Collected data:
══════════════════════════════

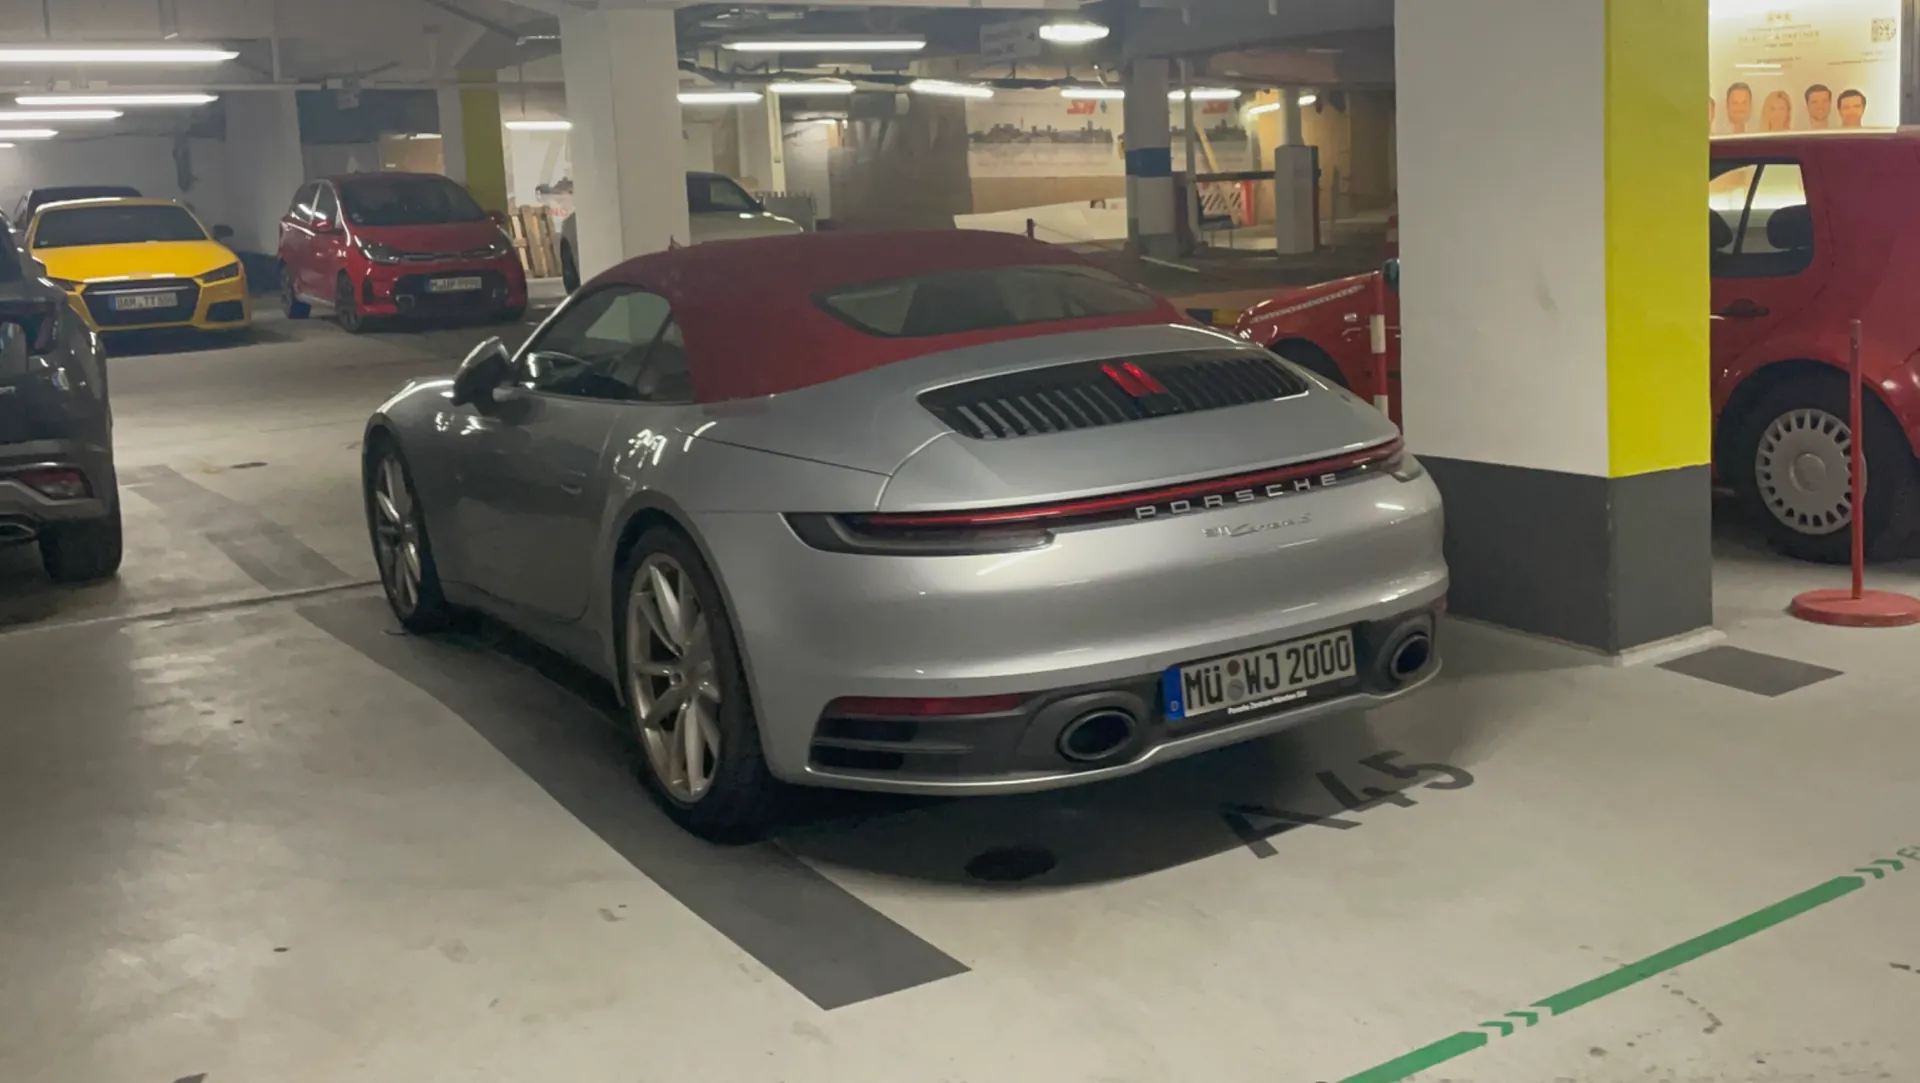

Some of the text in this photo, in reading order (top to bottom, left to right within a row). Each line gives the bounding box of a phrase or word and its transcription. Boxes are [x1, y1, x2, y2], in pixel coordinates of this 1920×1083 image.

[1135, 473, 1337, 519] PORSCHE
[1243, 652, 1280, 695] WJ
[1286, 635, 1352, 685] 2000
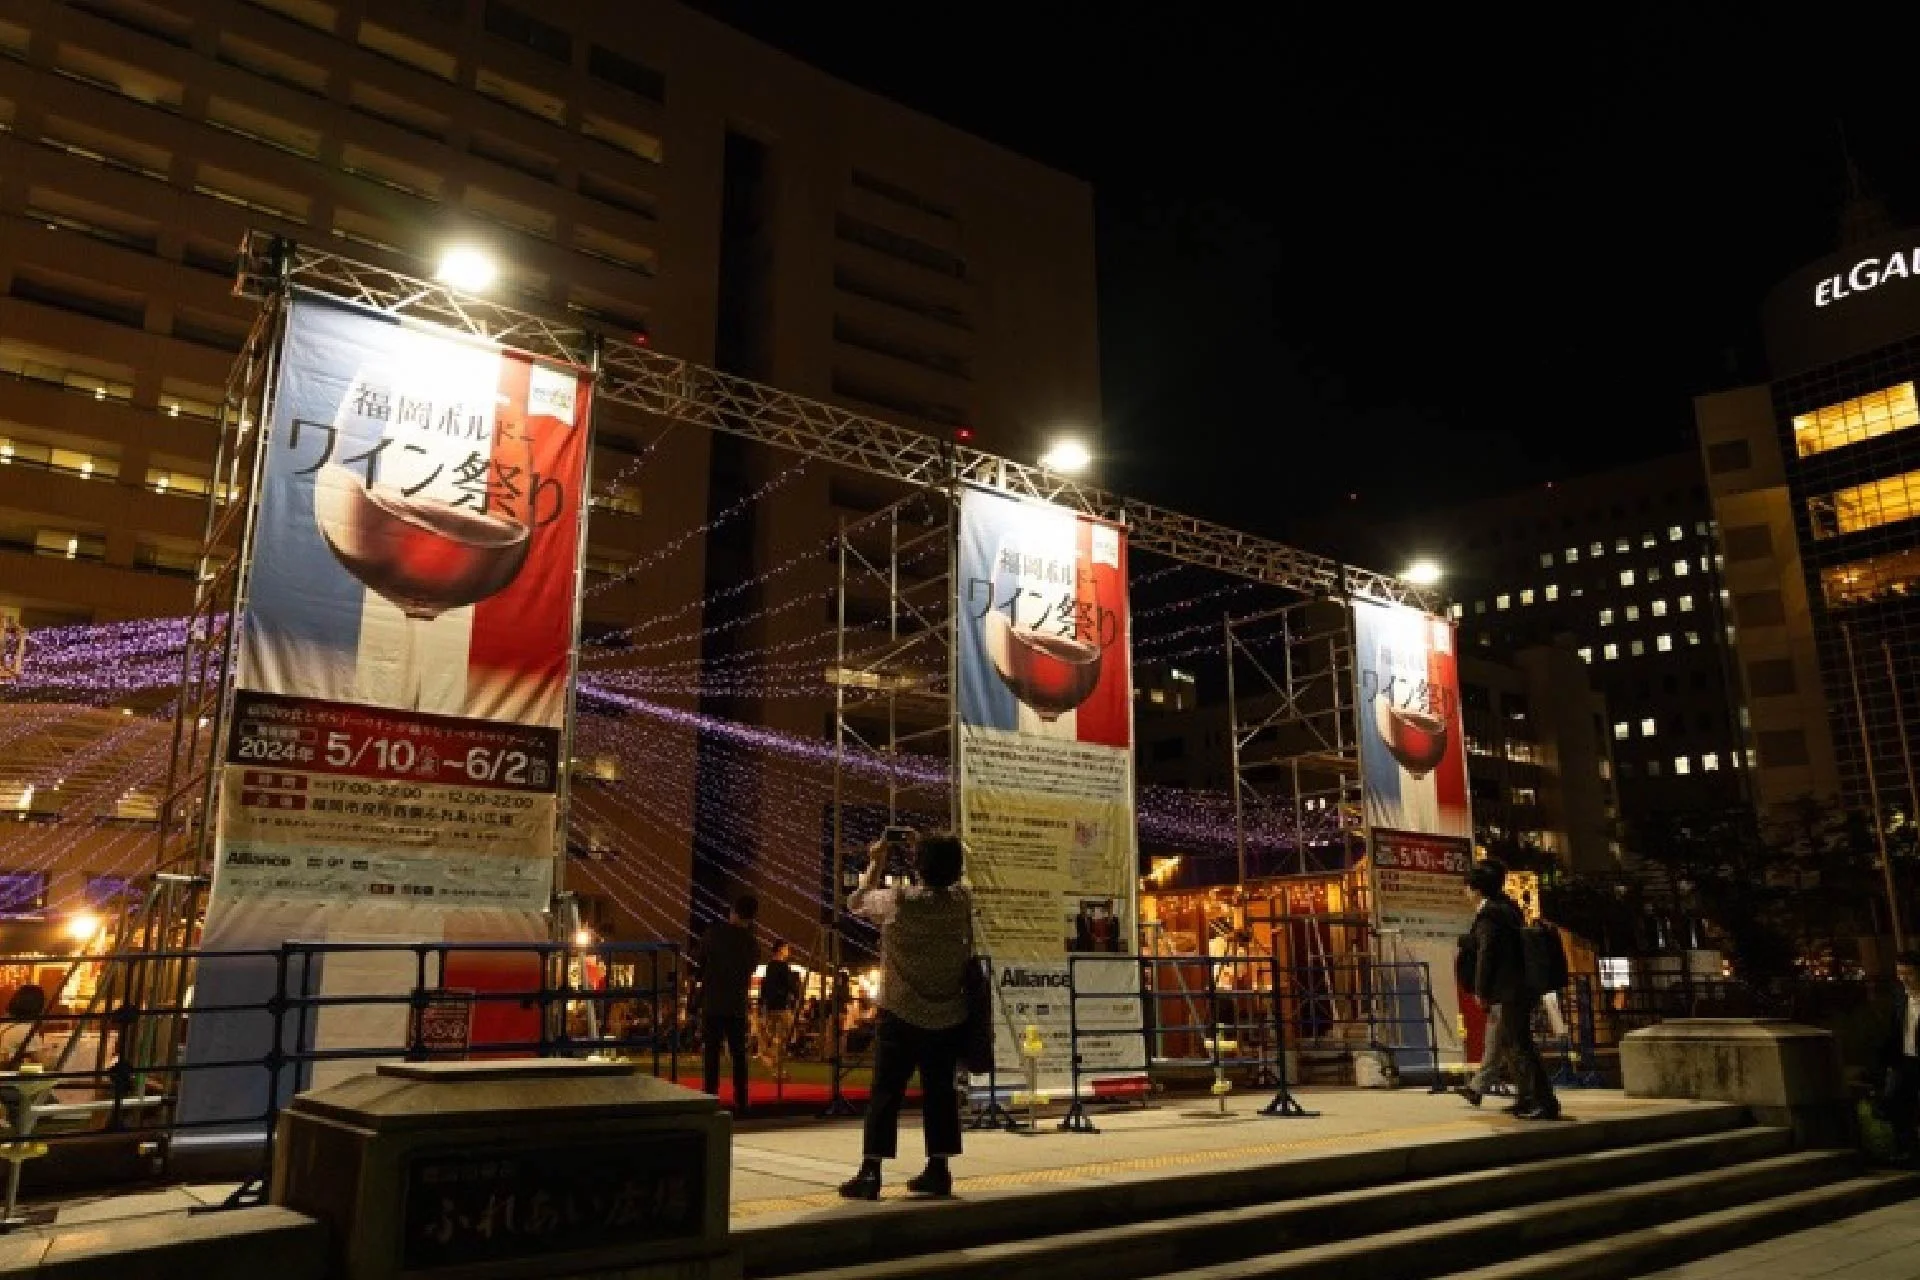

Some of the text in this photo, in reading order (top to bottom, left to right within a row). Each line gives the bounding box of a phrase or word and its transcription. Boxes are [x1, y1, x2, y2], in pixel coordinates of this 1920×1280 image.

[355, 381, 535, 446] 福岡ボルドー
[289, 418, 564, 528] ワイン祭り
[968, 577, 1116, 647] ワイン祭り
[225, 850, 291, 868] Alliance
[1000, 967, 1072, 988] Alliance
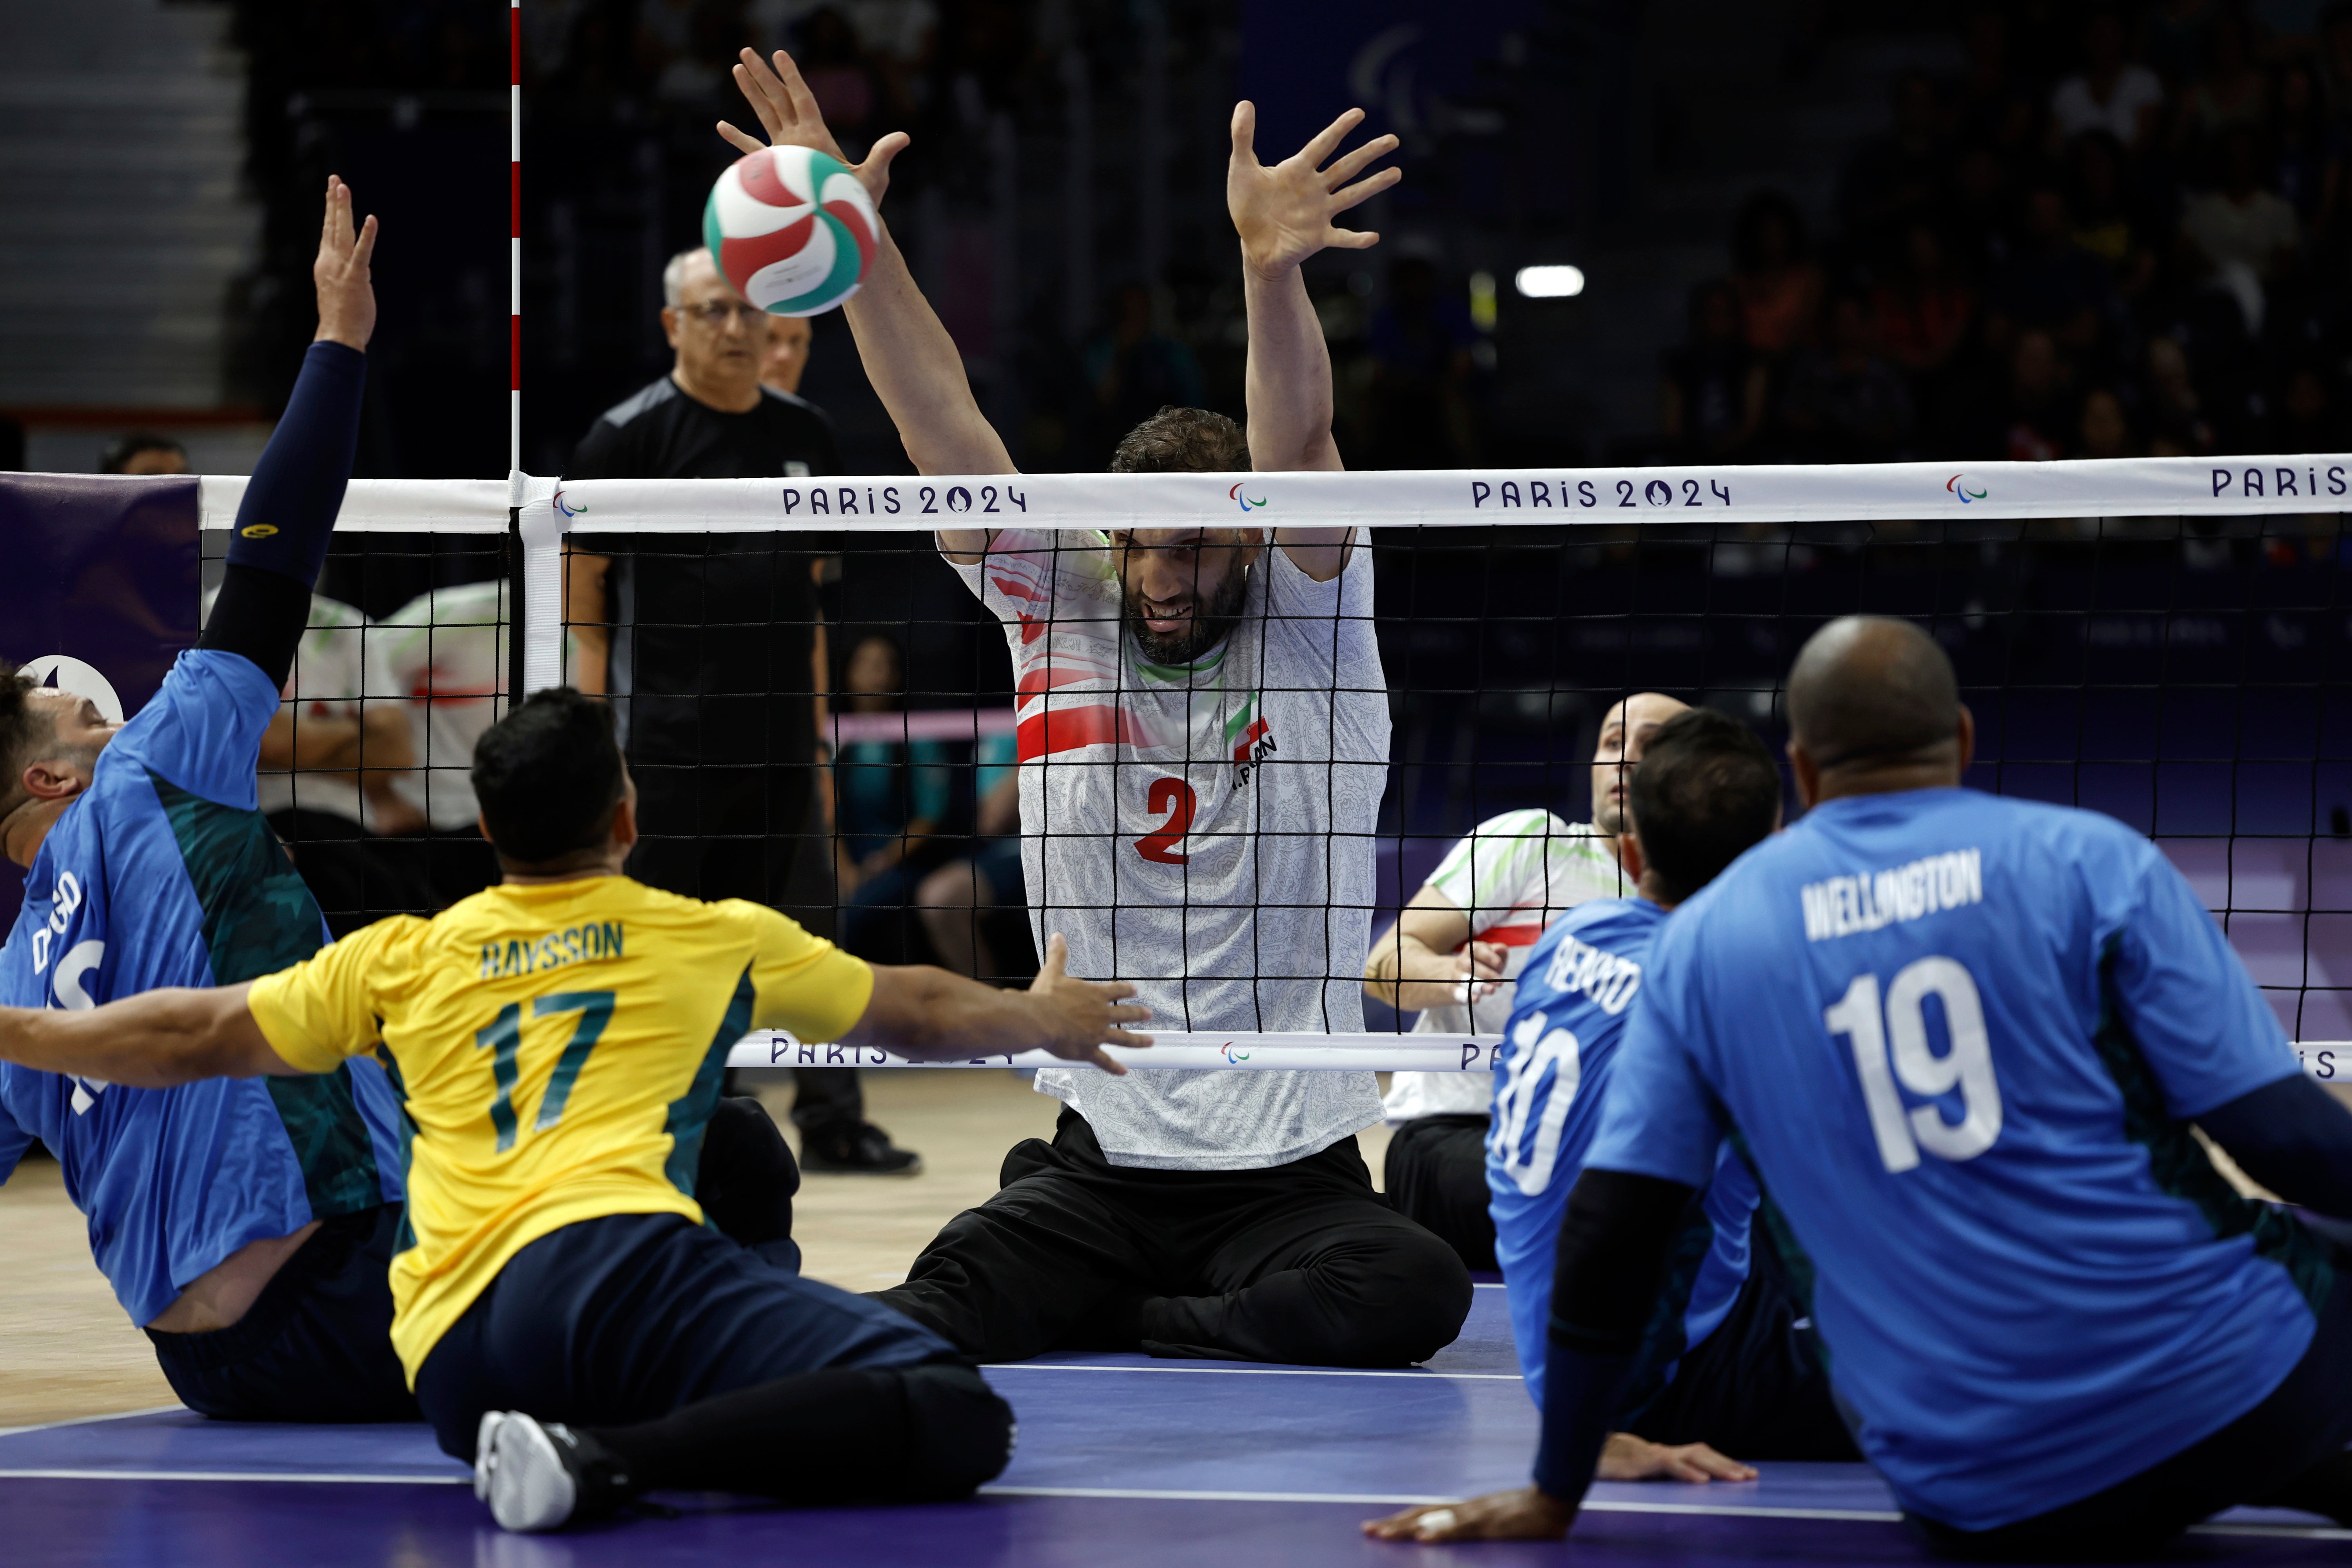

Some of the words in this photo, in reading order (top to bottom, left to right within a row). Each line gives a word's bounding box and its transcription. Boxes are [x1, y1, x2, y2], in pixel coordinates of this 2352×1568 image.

══════════════════════════════

**WORK ORDER:** The lines wanted run from the line containing "this 1920×1280 image." through the end of the entries; return them exactly, both ends included, and keep pictures out.

**FINAL ANSWER:**
Some of the text in this photo, in reading order (top to bottom, left to right within a row). Each line gives the bounding box of a phrase or word and its transcription. Boxes are [x1, y1, x2, y2], in pixel coordinates of this 1920×1280 image.

[355, 381, 535, 446] 福岡ボルドー
[289, 418, 564, 528] ワイン祭り
[968, 577, 1116, 647] ワイン祭り
[225, 850, 291, 868] Alliance
[1000, 967, 1072, 988] Alliance

Some of the words in this photo, in reading order (top to bottom, left to right within a row). Each line gives a word's bounding box and its transcription. Boxes are [x1, y1, x2, y2], in pixel coordinates of this 2352×1568 image.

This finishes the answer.